Tag Archives: Holiday Traditions

This Christmas…

This Christmas, Hope, Yappy and I headed to Grammy’s and Grandpa’s house for the day. We dutifully took our COVID tests this morning; I’m so happy I had ordered a few a couple of weeks ago. It gave us a lot of peace of mind to know we weren’t dragging the plague into their home. We laughed, we exchanged gifts, ate a yummy Christmas dinner with caramel cake for dessert (IFKYK), mocked holiday Christmas movies even though when I reminesce on the scenes in my mind they check every GD box for holiday, family friendly rom-com, minus the rom part.

This Christmas was great.

This Christmas feels legit like the first Christmas that I truly went in to spoil territory, and it was completely by accident. I appreciate a nice set of packages under the tree, but I’ve always tried to put experiences over things. But y’all this is the SECOND GD year of this panini and seeing as this is the worst EFFING GROUP PROJECT EVER, there are those of us who have opted to limit experiences that have heavy exposure. This year, we got a little loosey goosey wth this stuff.

I usually chose one substantial thing from her wish list as her big gift. Then a few other gifts and gift cards and dassit.

This year I purchased the Nintendo Switch from her list. Found it on sale and purchased it early. Great!

Then there was a late night/early morning binge on the JCPenny app, followed by a swing through the Target app, the gaggle of things that were in my Amazon cart, a traipse through Wayfair and like a couple of Amazon purchases before I fell asleep. I remember bits but I know it’s going to be cray when I look at the books later in the week.

I also remember that was around the time I made a batch of edibles. I’ve since adjusted the dosing to something less…dramatic because this was a really epic binge shop situation.

Anyway the boxes came, and then I got busy and thought I was done. Until I had nearly a week of work-free rest with lounging layabouts in the afternoons; then I started thinking: What kinda dork gives a person a gaming system with no games? Duh. I hit the web, picked out a few, delivered next day. Hmm, I probably should get an extra controller, well since I’m here, some of these accessories are cute!

Then I was like, oh I need to get the TV in her room spruced up and make sure it’s on the house wifi. Hope rarely watched TV in her room, so the TV is legit, rarely used and like new. Until you realize that Hope has been my daughter for nearly 8 years. While she was away at work, I slipped in prepared to get the new Fire Stick set up so that it would be plug and play for her upon opening the gift. When FireTV asked for network settings, this TV replied, “I’m sorry, who dat?”

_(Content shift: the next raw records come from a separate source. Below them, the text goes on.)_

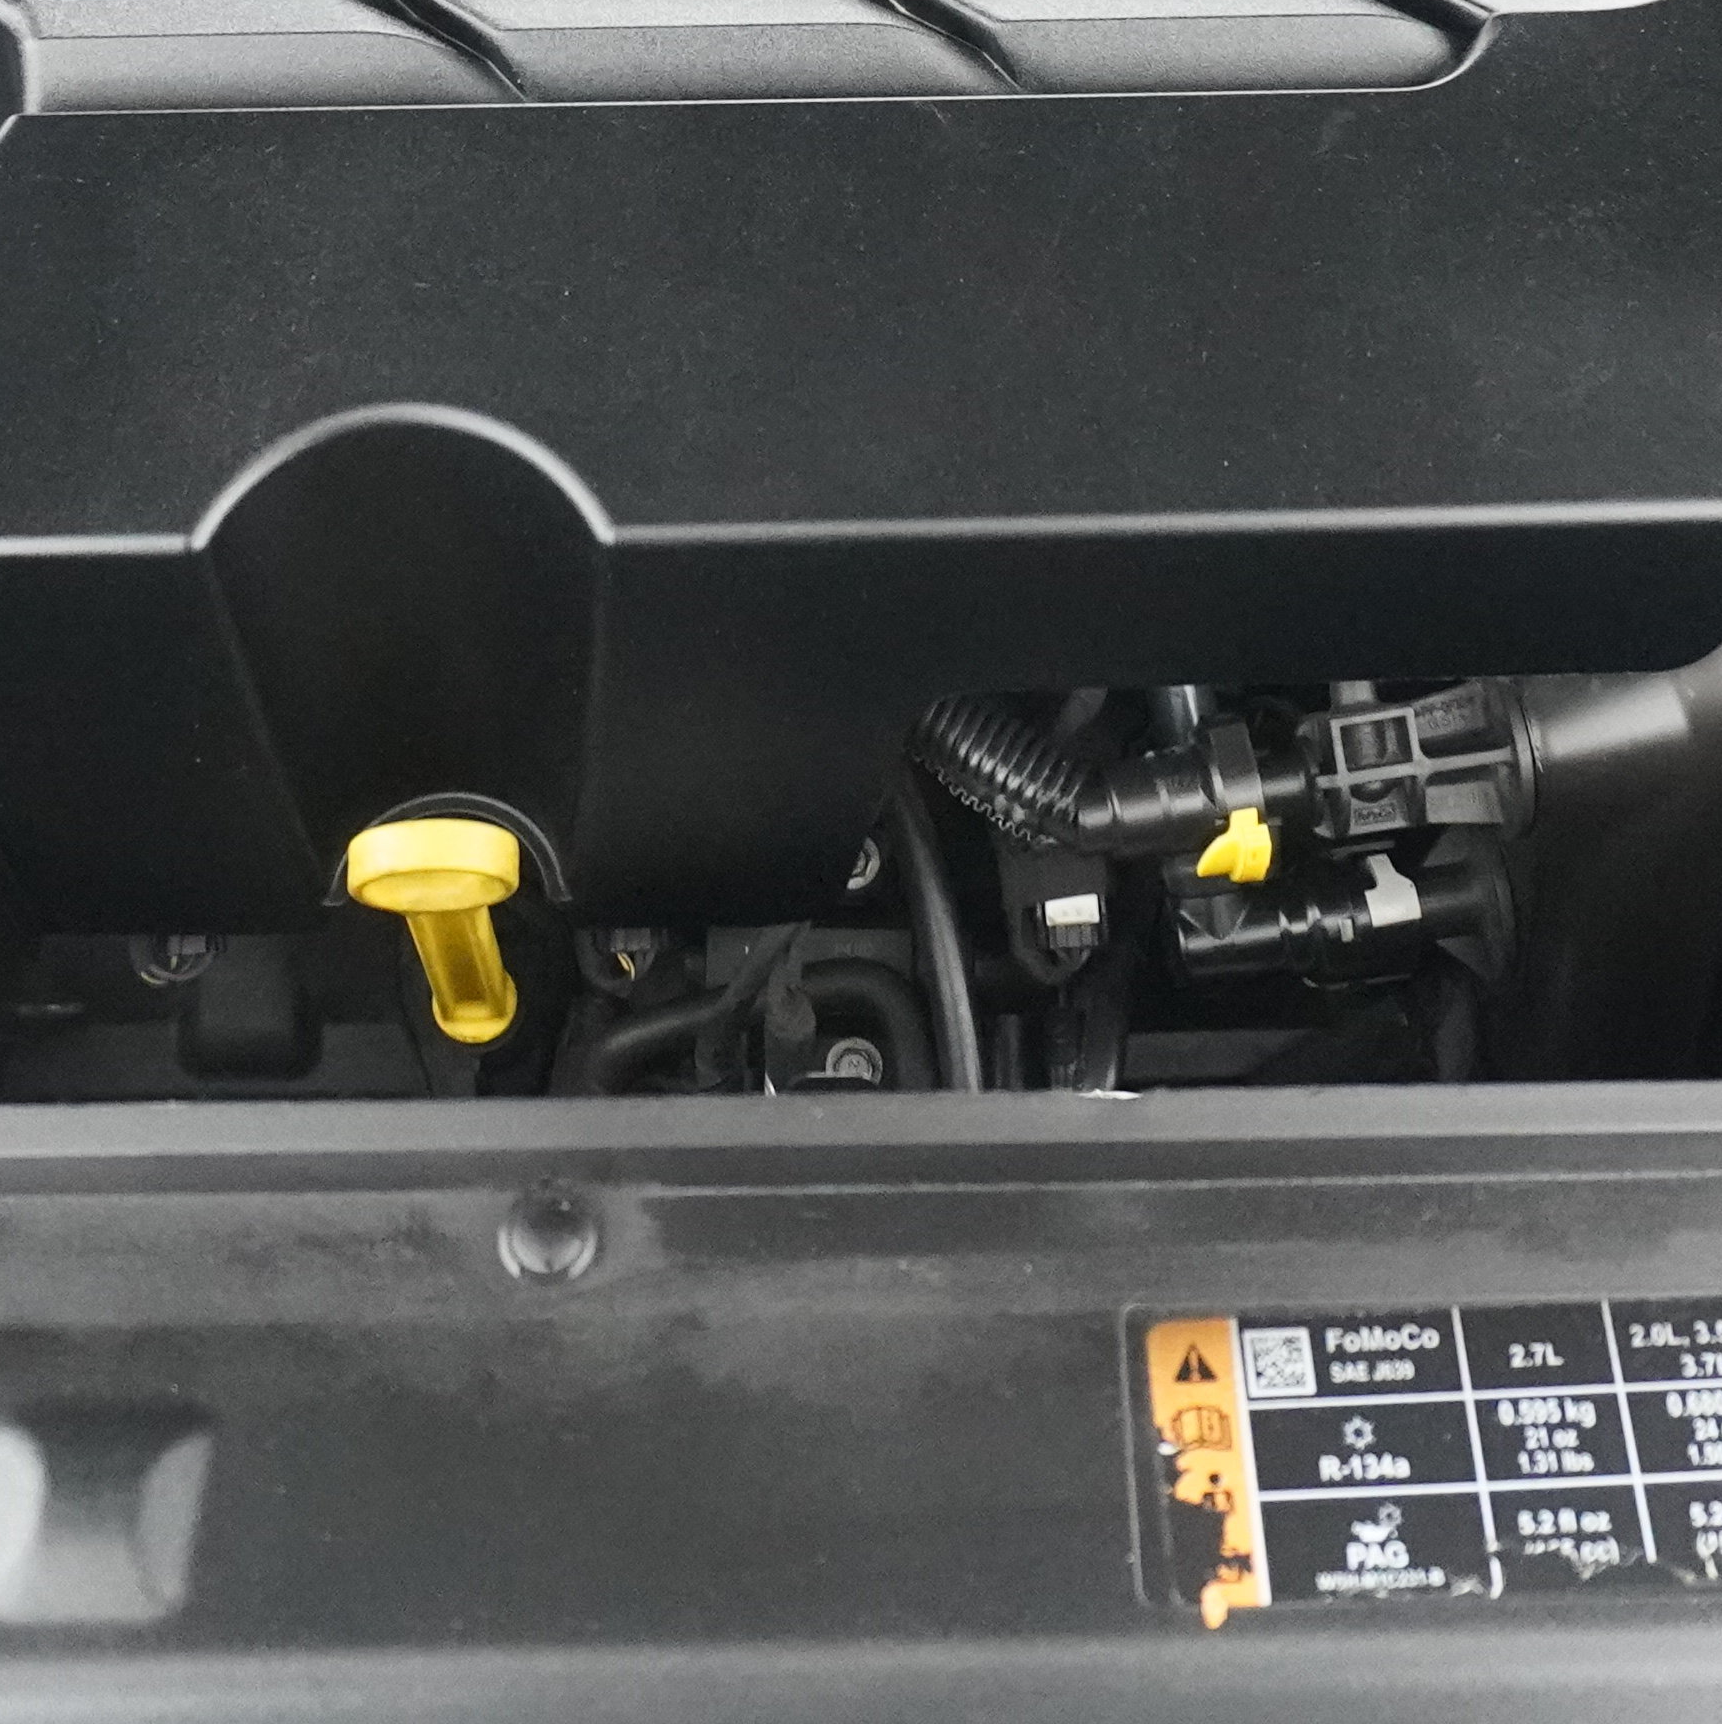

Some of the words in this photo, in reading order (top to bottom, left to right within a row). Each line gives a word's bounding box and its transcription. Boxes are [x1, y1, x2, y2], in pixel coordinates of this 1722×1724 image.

[1324, 1322, 1441, 1354] FoMoCo
[1628, 1322, 1691, 1348] 2.0L,
[1508, 1342, 1565, 1369] 2.7L
[1328, 1359, 1371, 1384] SAE
[1563, 1397, 1597, 1429] kg
[1524, 1426, 1549, 1450] 21
[1552, 1428, 1580, 1449] oz
[1318, 1452, 1411, 1482] R-134a
[1517, 1508, 1557, 1536] 5.2
[1346, 1540, 1410, 1570] PAG

The like new TV is basically an old “dumb” TV. That setting didn’t exist at that time, apparently. In any case, while it is a silly thing, if your TV can’t get hooked to somebodies connection then do you really even have a TV?

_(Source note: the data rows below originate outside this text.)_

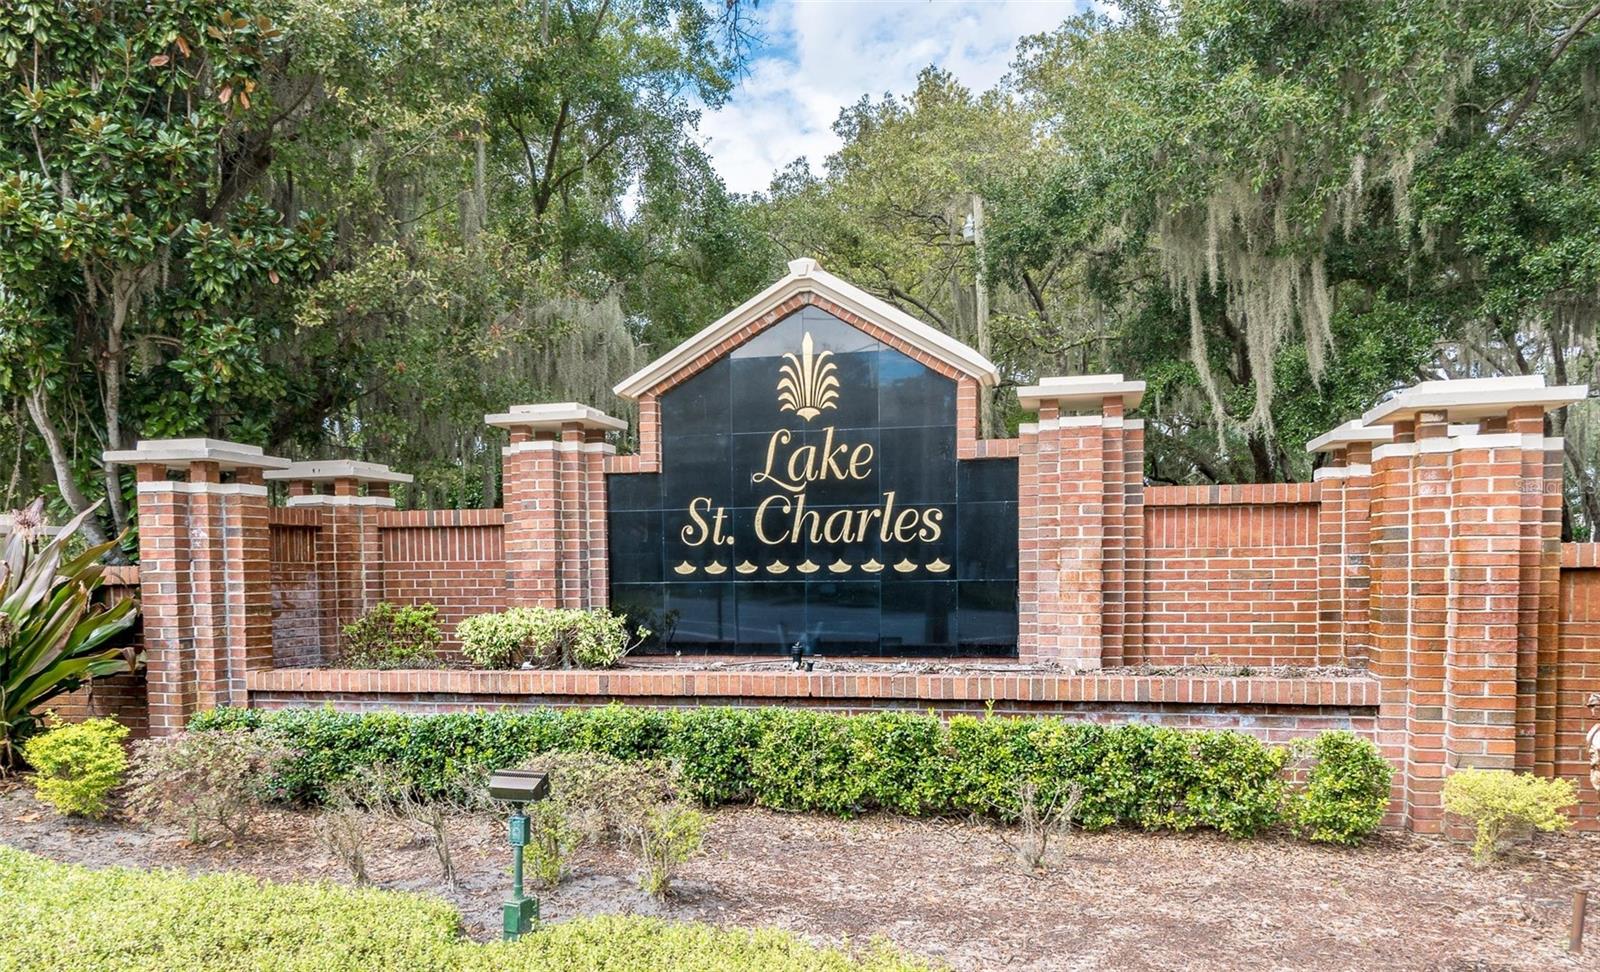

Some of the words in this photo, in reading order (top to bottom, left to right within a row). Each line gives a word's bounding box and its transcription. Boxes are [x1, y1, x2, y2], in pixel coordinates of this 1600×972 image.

[751, 426, 874, 492] Lake
[681, 497, 735, 546] St.
[754, 491, 943, 545] Charles
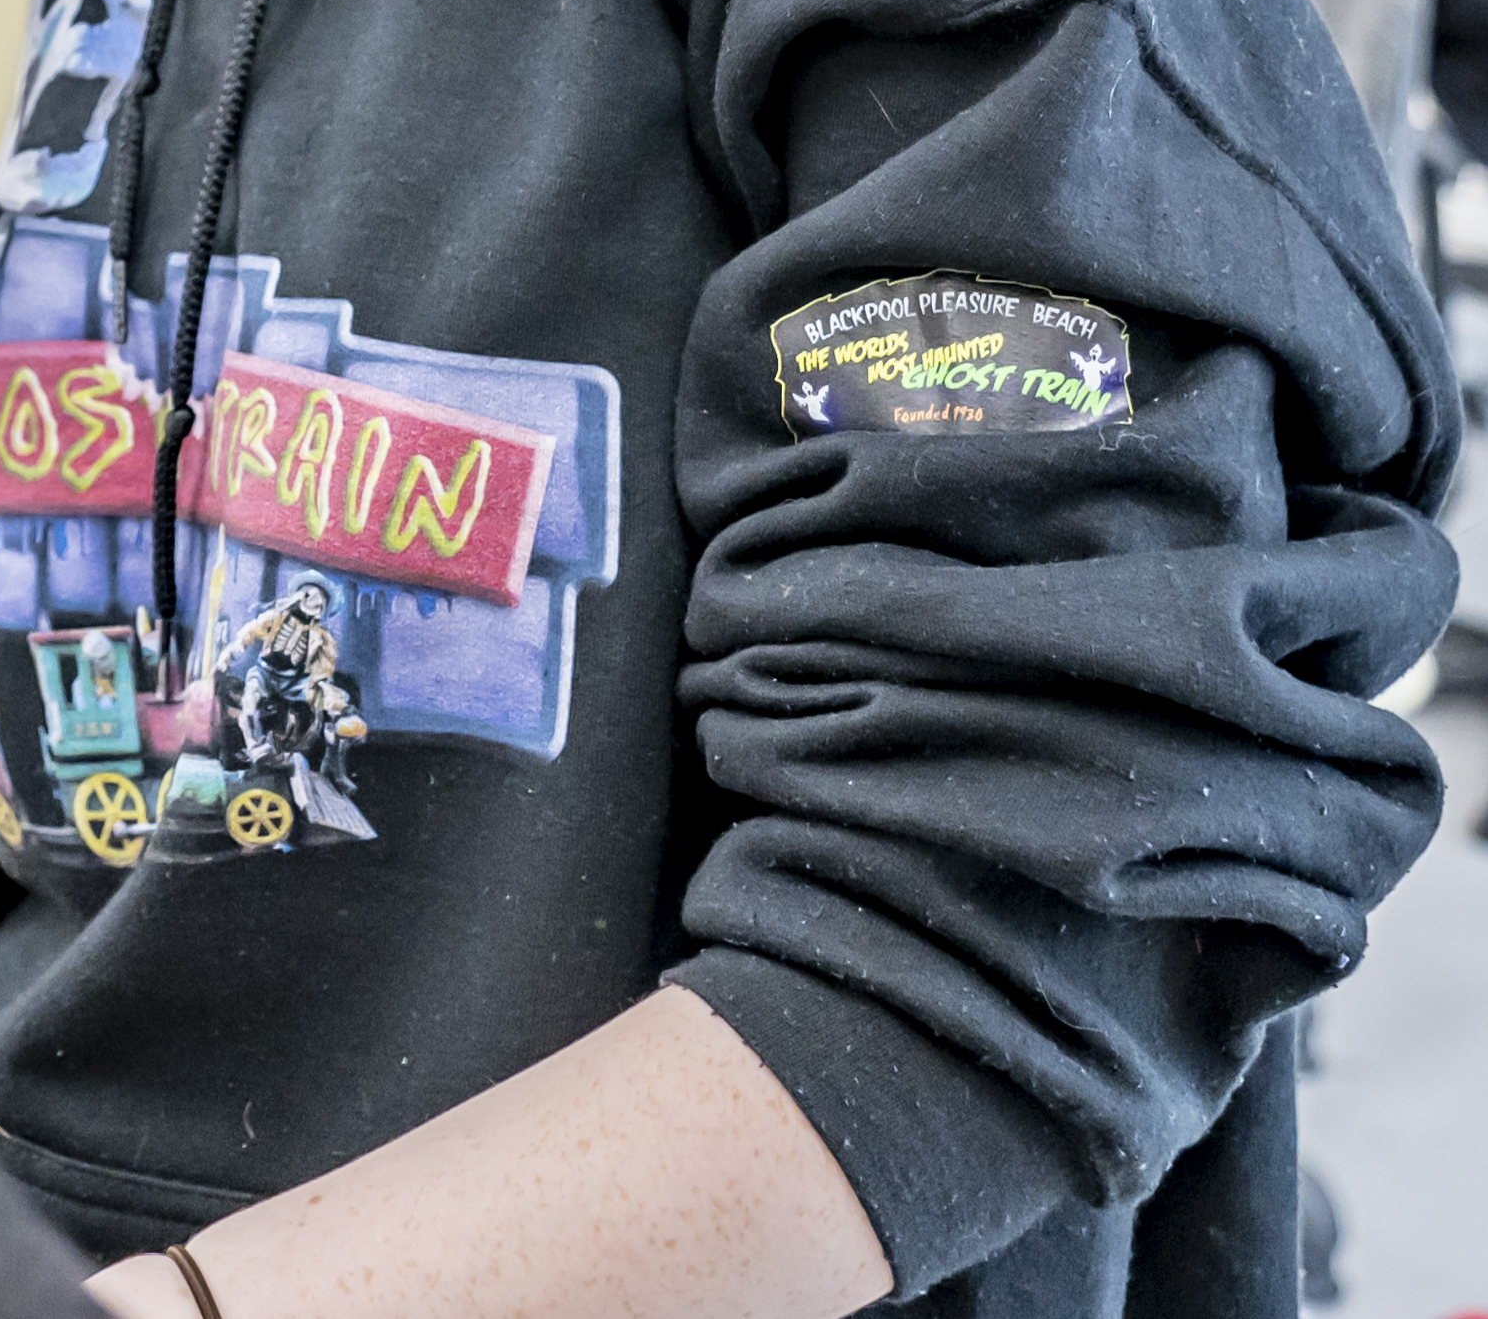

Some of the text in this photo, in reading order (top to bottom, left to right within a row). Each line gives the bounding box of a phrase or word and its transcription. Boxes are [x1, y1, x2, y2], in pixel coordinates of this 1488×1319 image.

[804, 291, 1098, 344] BLACKPOOL PLEASURE BEACH
[795, 329, 909, 373] THE WORLDS
[867, 332, 1004, 384] MOST HAUNTED
[894, 403, 985, 423] Founded 1930
[900, 362, 1111, 417] GHOST TRAIN

Two days before Christmas I find a decent deal for an upgrade to present TV streaming standards, and like 2-3 hours later that living room TV got dead. There had been a few weird things with the living room TV over the last month or two, but it wasn’t alarming or so I thought. I spent quite a bit of time trying to reboot the TV and got nothing. Never came back on. So, I had to buy another TV. Hope was blown away that I ended up buying two TVs at the last minute.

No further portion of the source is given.